Many of these relative trends recently accelerated in the direction of their current trajectory. One example is the Nasdaq vs the broader market which we covered in last week’s Mystery Chart Reveal post. But this certainly isn’t the case with Chinese Equities relative to US Equities which have been in a structural downtrend for over a decade now.
As you can see in this weekly line chart of the Shanghai Composite relative to the S&P 500 dating back about 25 years, the ratio tested key prior lows near 0.80-0.85 in February, the same week the S&P 500 peaked, and has reversed higher since.
Prices put in a slight failed breakdown when they undercut their 2018-2019 lows (red dotted line) before ripping higher and going on to register their first higher high and overbought momentum reading in several years. Also notice that not only has price already confirmed its bullish momentum divergence but this was the first time this critical support level was tested without momentum hitting oversold.

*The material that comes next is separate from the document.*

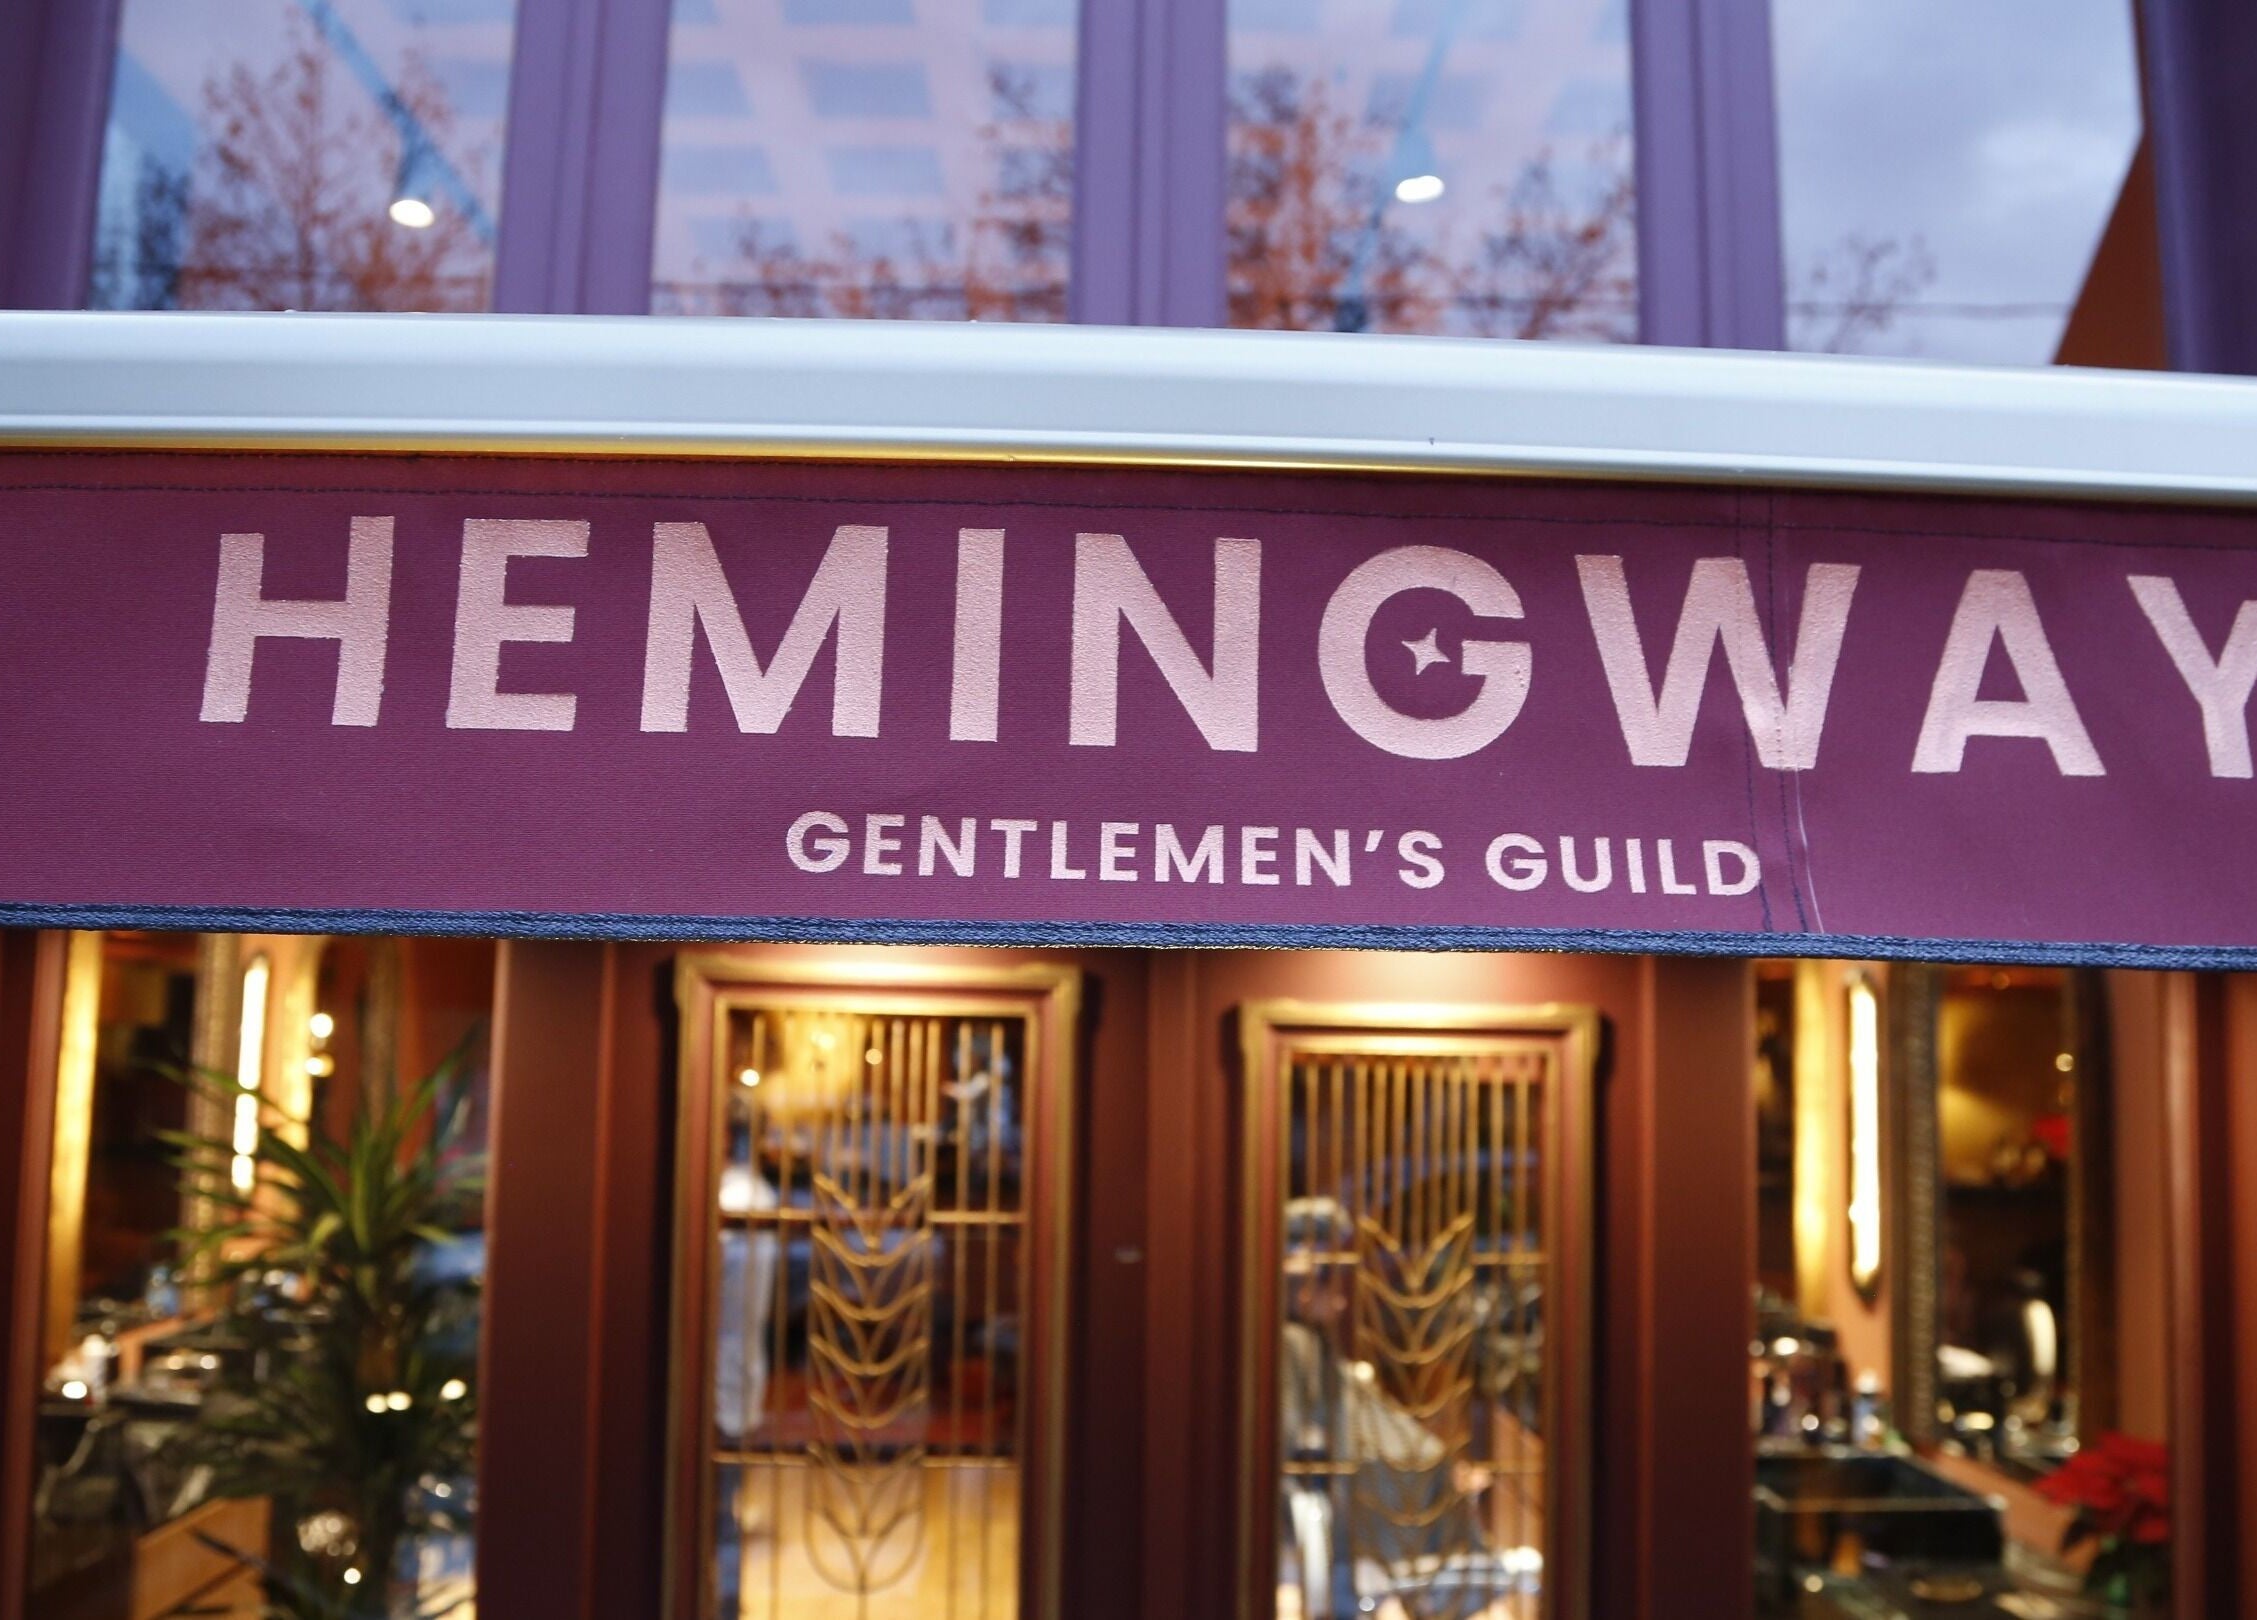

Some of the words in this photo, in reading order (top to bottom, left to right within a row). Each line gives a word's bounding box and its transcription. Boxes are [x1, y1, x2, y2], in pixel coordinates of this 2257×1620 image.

[198, 514, 2257, 779] HEMINGWAY
[785, 810, 1446, 892] GENTLEMEN’S
[1484, 832, 1763, 898] GUILD

These are all positives and support the idea that this is the beginning of a bearish to bullish trend reversal. With that said, carving out a bottom following a decade-plus structural downtrend like this is a process, not an event, so expect some consolidation and sideways action in the near term.
This ratio chart is important because it helps put China’s recent strength in perspective. China has actually been steadily outperforming the S&P since US stocks broke out during Q4 of last year.
As you can see in the performance chart above, China has outpaced the US by nearly 14% over the trailing 6-months.
If not for these charts, one might presume China would be under immense pressure due to the Covid-19 pandemic which originally broke out in their country, but this hasn’t been the case at all. In fact, the Shanghai Composite has been the best performer of all the Global Indexes we track as it is the only one (out of 45) to not hit a 20% drawdown during the recent selloff. We wrote a post about this a little over a week ago which you can read here.
We shared a table of all the Global Indexes in that post. Similar to the one below of our International ETF watchlist, it not only showed outperformance from China but more importantly, pervasive weakness from Equity Markets around the world.
Similar to our table of Global Indexes, you will notice that every single ETF is currently in a bearish momentum regime… even China.
The bottom line is regardless of relative strength when breadth is this weak around the globe, it’s simply not an environment we want to be buying stocks in. What we do want to do is add China and the A-shares ETF (ASHR) to our list of leaders that we’ll be looking to for long opportunities once we believe stocks have made a tradeable low.
For now, we want to be patient and see if the last few days of action in Global Equities turns out to be a continuation pattern in which stocks push higher or merely a dead-cat bounce whereby we roll over and test the recent lows. If the former plays out, then ASHR is likely to lead but that thesis only remains valid if prices are above 25.50 and China is continuing to flex its relative strength versus the rest of the world.
We’ll be sure to follow up on this once more data comes in. In the meantime, let us know what you think.